Publié le par Biblotheque municipale de bonneuil en valois

BIBLIOTHEQUE

Que le geste de lire ait intrinsèquement du sens, qu'il

signifie quelque chose ne seraitque par l'attitude physique qu'il implique, il suffit d'observer un lecteur pour s'en convaincre.

Le retrait lui-même, déjà, est une affirmation – qu'on songe à quel point ce geste de lire peut provoquer l'ire de l'entourage, quand le lecteur est accusé de faire bande à part à lui tout seul, paraissant habiter plusieurs temps dans le même temps, être là sans y être pour personne, ivre de livres, délivré subitement du poids des autres, incontrôlable en un mot.

CE QUE LIRE VEUT DIRE...

Cette dimension évidente et paradoxale de la lecture, pourtant, est de celles qui sans cesse sont gommées, ou ignorées, dans les débats. Les Français lisent-ils, les enfants savent-ils encore lire, la lecture est-elle détrônée par les nouvelles technologies, comment les bibliothèques se portent-elles ? On aligne des chiffres, on trace des courbes. Les responsables rassurent, les alarmistes alarment, les magazines se vendent. De retour chez soi, chacun feuillette le journal, se compare en terme de quantités d'ouvrages lus chaque année, puis l'oeil

glisse insensiblement vers la télévision.

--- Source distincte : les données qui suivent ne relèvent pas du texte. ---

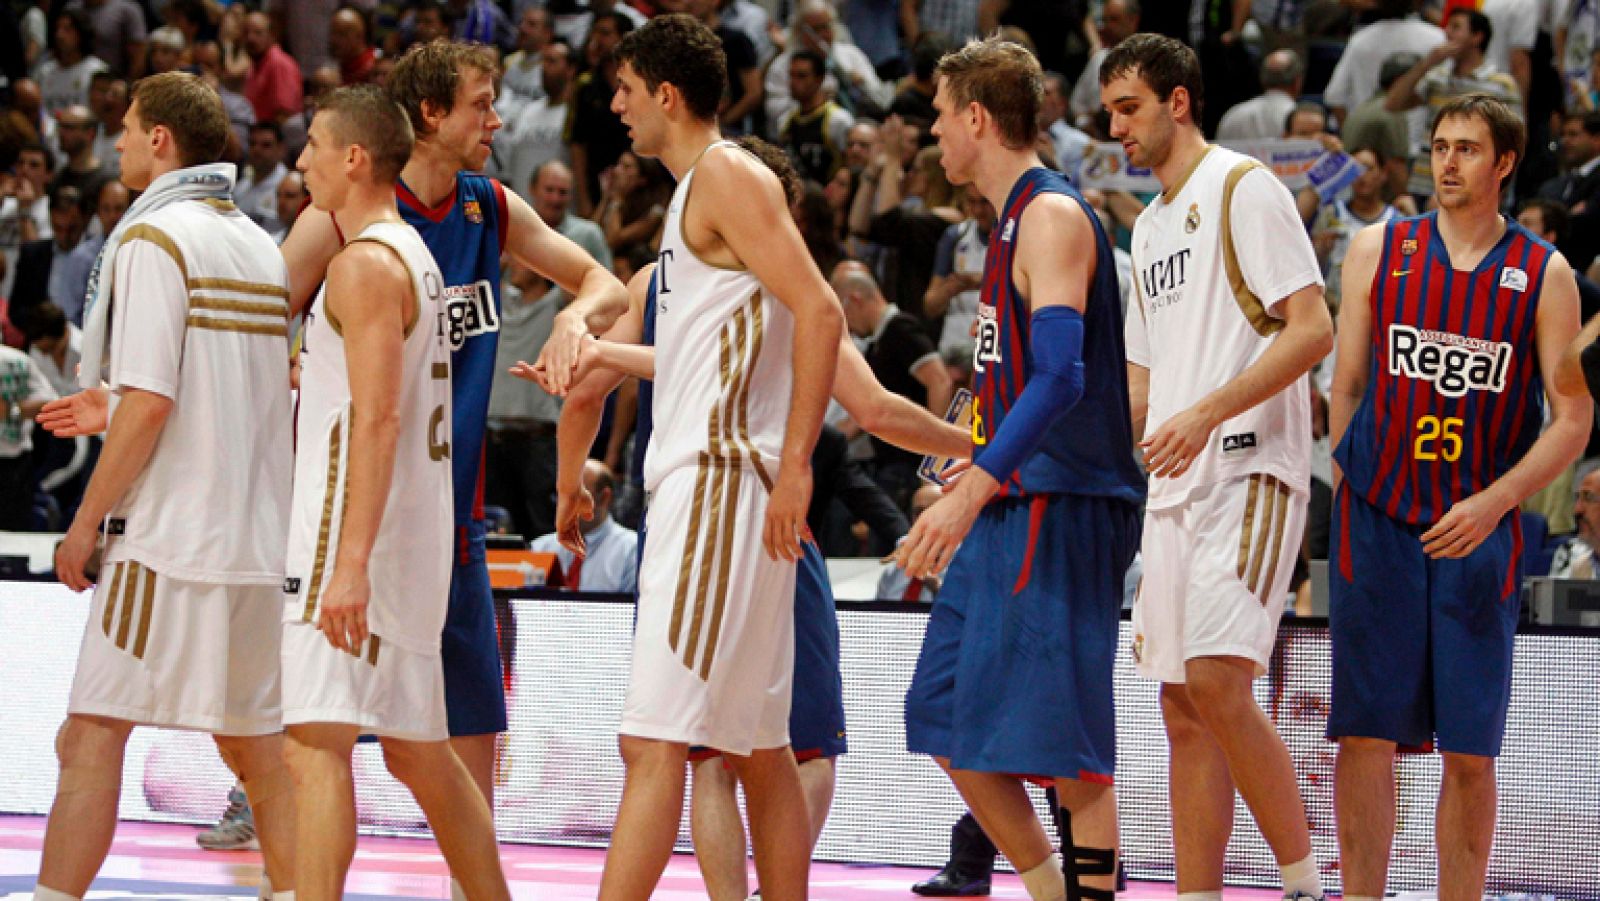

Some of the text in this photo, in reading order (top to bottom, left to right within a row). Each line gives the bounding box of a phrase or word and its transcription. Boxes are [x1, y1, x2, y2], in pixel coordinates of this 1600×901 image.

[447, 284, 496, 347] gal
[1391, 327, 1510, 393] Regal
[1414, 415, 1464, 462] 25

Récemment créé, l'Observatoire de la lecture donne une foule de statistiques, qui permettent à leurs auteurs de se réjouir et d'affirmer que les Français lisent ! Je n'ai retenu que deux chiffres désastreux : le Français lit un livre par an (moyenne) et 10% seulement lisent 2 livres par mois (moyenne). Les bibliothèques suivent le tempo, malgré leurs efforts pour créer le lecteur. Evidemment, comparé aux Américains...il est encore possible de penser que nous sommes “l'exception française”. La Direction du livre et de la lecture a beau jeu de retourner les chiffres et de présenter des graphiques en progression, mais quant au pourquoi du comment...

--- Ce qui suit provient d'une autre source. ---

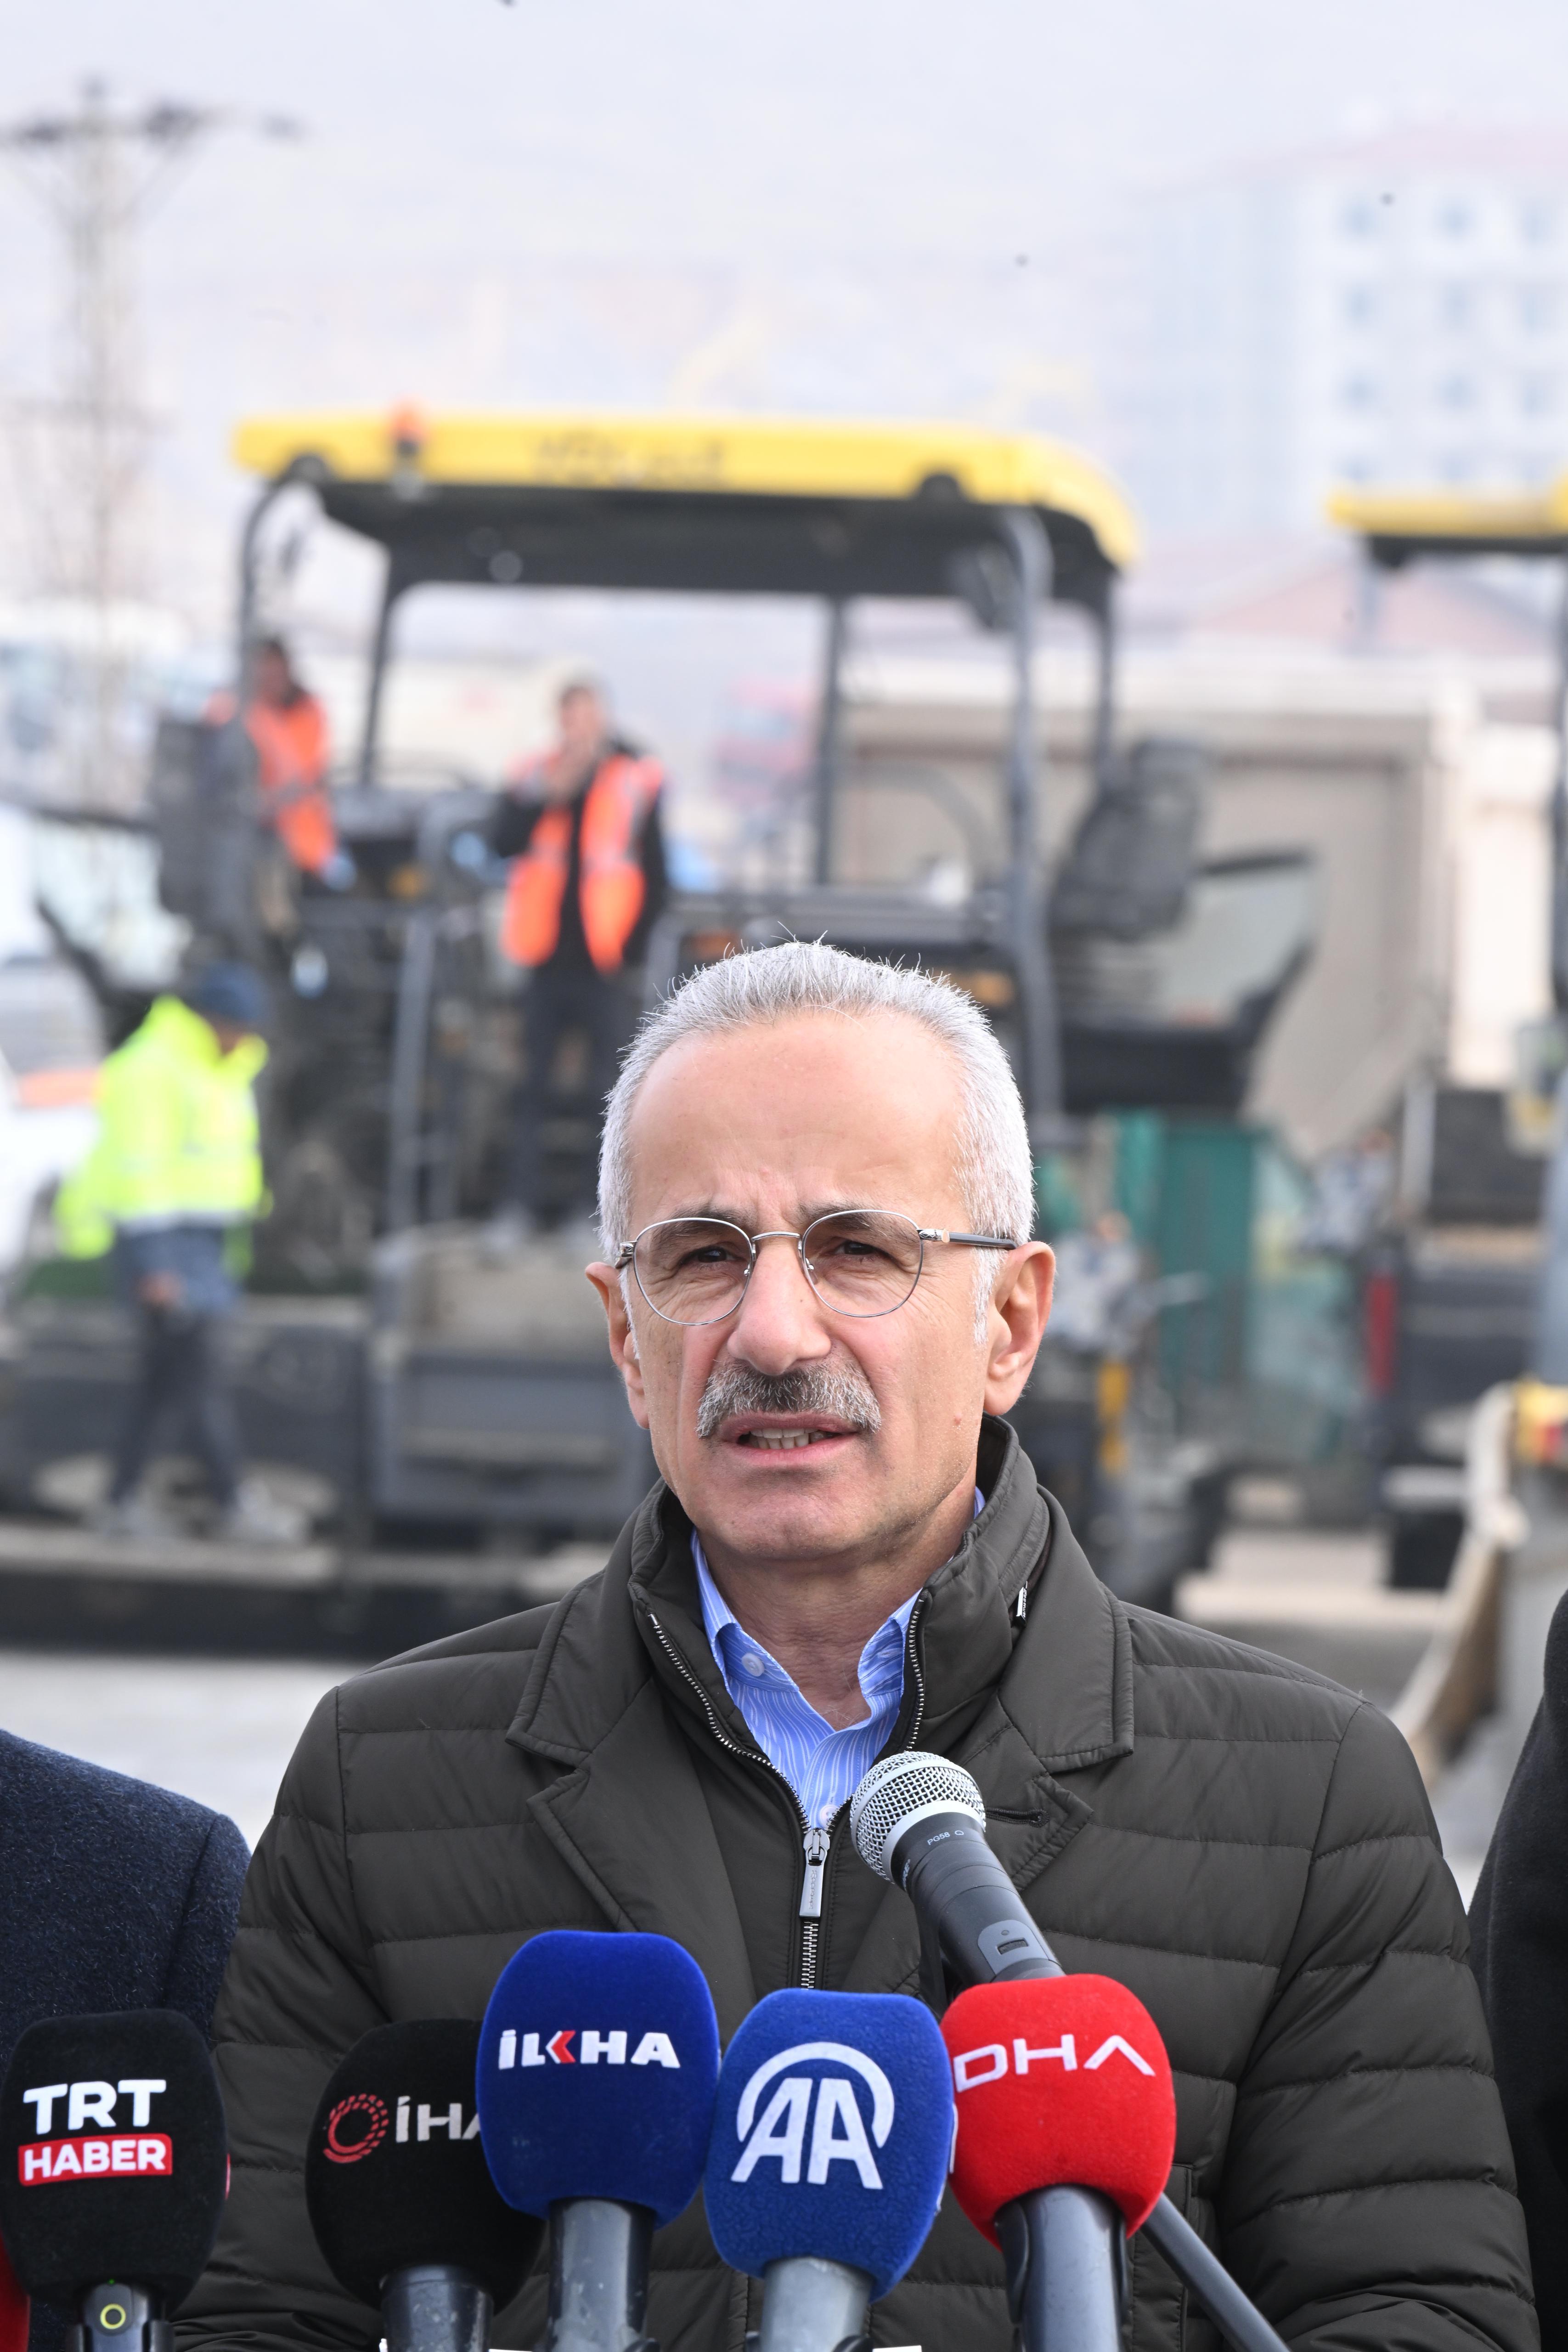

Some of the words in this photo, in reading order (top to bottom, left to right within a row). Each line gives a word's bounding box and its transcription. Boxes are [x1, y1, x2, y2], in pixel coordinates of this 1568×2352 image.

[927, 1832, 951, 1845] PG58
[953, 2034, 1156, 2092] DHA
[23, 2079, 167, 2135] TRT
[731, 2077, 883, 2190] AA
[24, 2138, 166, 2181] HABER

Ce que lire veut dire, on n'en saura rien; ce qui est gommé, c'est la multitude de sens que véhicule ce mot de lire, multitude de sens qui se recouvrent, mais pas entièrement, et pas nécessairement. Pour s'en tenir aux définitions que donne le dictionnaire, lire signifie aussi bien déchiffrer (“apprendre à lire” à l'école) que prendre connaissance d'un contenu, s'informer (lire le journal) ou l'être, informé (lire les directives), mais aussi prononcer à voix haute pour donner à entendre ce qui fut écrit ou encore deviner (lire les lignes de la main),discerner, découvrir, péné-trer (lire dans le jeu de quelqu'un, lire un sentiment sur le visage...). Il y manque cependant le sens dont on pourrait dire qu'il englobe tous les autres et qu'on lui trouve chez Valéry expliquant que “lire Mallarmé, c'est se trouver insensiblement engagé à réapprendre à lire”. Il désigne alors une lecture créatrice, une lecture littéraire, engagée dans son propre geste – si l'on admet que la littérature est un art et que donc elle se fait à deux. Au lecteur de prolonger le geste artistique initié par l'auteur, plutôt que le renvoyer à l'absurdité; au lecteur de s'engager dans la trame du texte, d'apprendre à donner du sens à la lecture. “Non, cher poète, je ne suis pas obscur (mais) le deviens, bien sûr! Si l'on se trompe et croit ouvrir le journal”, écrivait Mallarmé à Edmund Gosse en 1893.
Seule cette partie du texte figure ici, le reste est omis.